Wilson
Bueno escreveu ficções – arriscadas ficções – que não eram
bem suas. Eram suas: mas sempre narradas em línguas alheias. Com sua
alma de experimentalista, Wilson se escondia a cada novo livro à
sombra de narradores imprevisíveis. Mais ainda: era como se a
própria noção de autoria, em sua escrita, entrasse em pane. E o
próprio Autor, ele, Wilson Bueno, se transfigurasse – se matasse.

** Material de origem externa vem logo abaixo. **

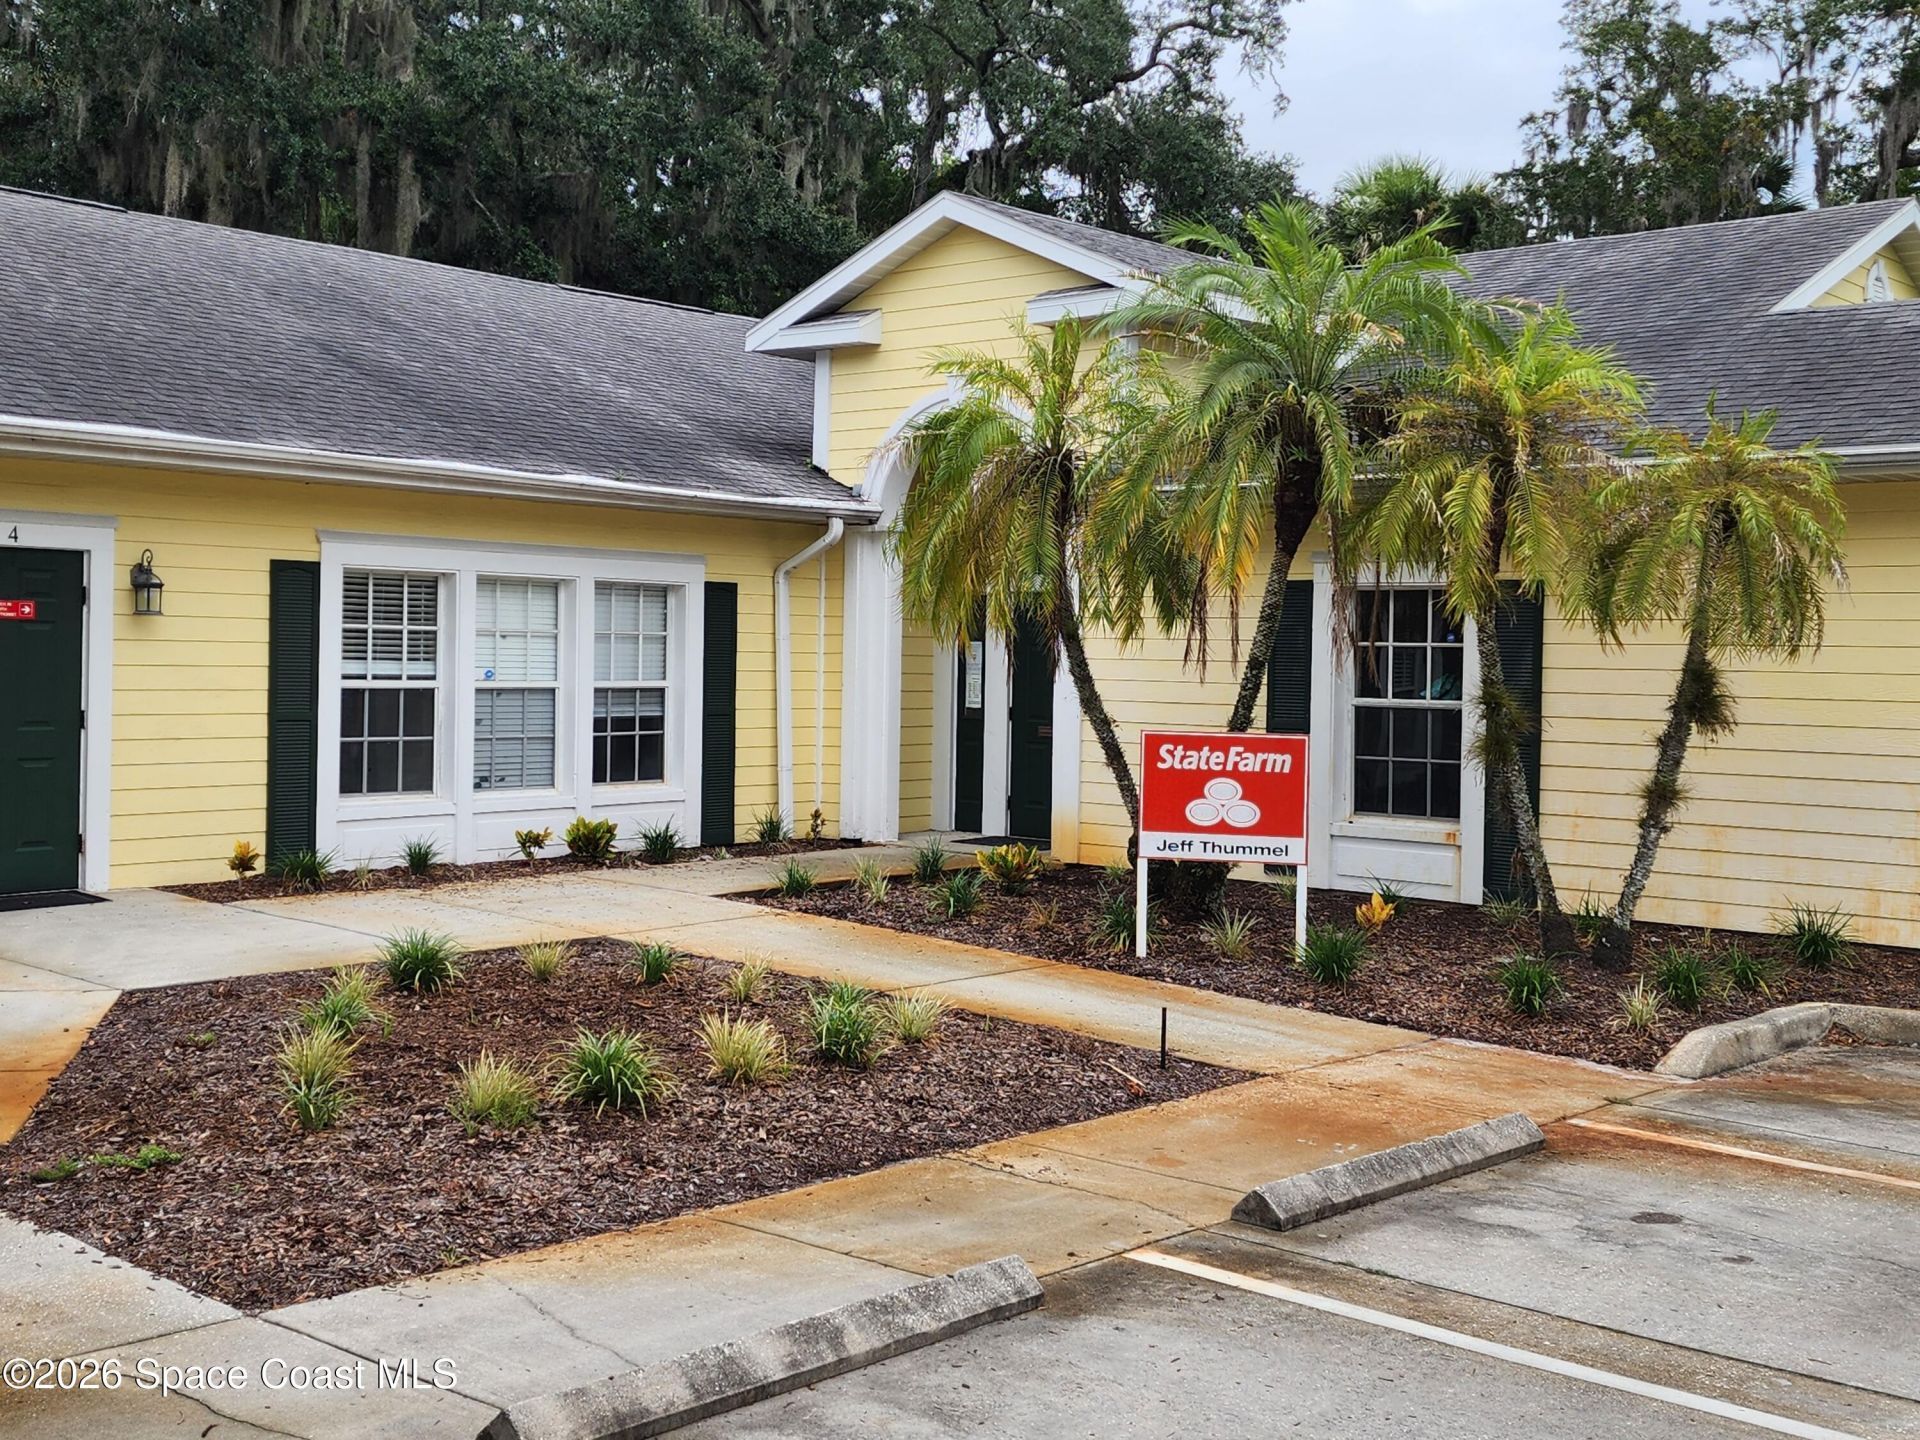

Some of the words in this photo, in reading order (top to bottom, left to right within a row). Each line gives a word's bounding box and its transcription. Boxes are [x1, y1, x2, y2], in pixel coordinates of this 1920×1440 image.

[8, 525, 19, 543] 4
[1156, 839, 1194, 853] Jeff
[1199, 840, 1289, 857] Thummel

Sempre procurei, aflito, pedaços de sua voz em seus relatos. Nunca
os encontrei.
Tivemos,
é verdade, uma amizade instável, que terminou em um grande
desencontro. Mas não era o que me afligia – embora afligisse
também. A cada novo livro, por mais que eu me entusiasmasse,
sentia-me obrigado a lhe perguntar: “Gostei, gostei muito, Wilson,
mas onde está você?”. Estive, até sua morte brutal, em maio de
2010, à espera de uma ficção que o trouxesse de corpo inteiro;
dono (ainda que aos pedaços) de seu próprio estilo; em plena (ainda
que precária) posse de si.
Em
sua novela mais festejada, Mar paraguayo (Iluminuras, 1992),
Wilson Bueno incorpora um portunhol forte, temperado com essências
do guarani, estranha língua retalhada que, nele, caía como um manto
impecável. Em Amar-te a ti nem sei se com carícias (Planeta,
2004), simula um manuscrito do século XIX, com sua linguagem
pedante, timbre antigo, pose solene. Como um médium que incorporasse
vozes alheias emprestando-lhes o corpo para uma falsa ressurreição,
Wilson tornou-se um inspirado inventor. Estranho inventor, porém,
que parecia sempre ausente de suas invenções.
Agora
que está morto, e em um doloroso movimento inverso no qual, já
afastada de seu corpo físico, sua voz enfim se ergue, ele nos deixa
o livro que dele sempre esperei. Um romance em que não se oferece
como porta-voz ou representante, mas no qual, mesmo se reinventando,
Wilson se desnuda. E dessa forma, como ele mesmo escreve, “sobrevive
a si mesmo”. Em Mano, a noite está velha (Planeta),
ouvimos, enfim, sua voz verdadeira ainda que inventada – porque a
ficção, como portunhol, é também uma experiência de fronteira.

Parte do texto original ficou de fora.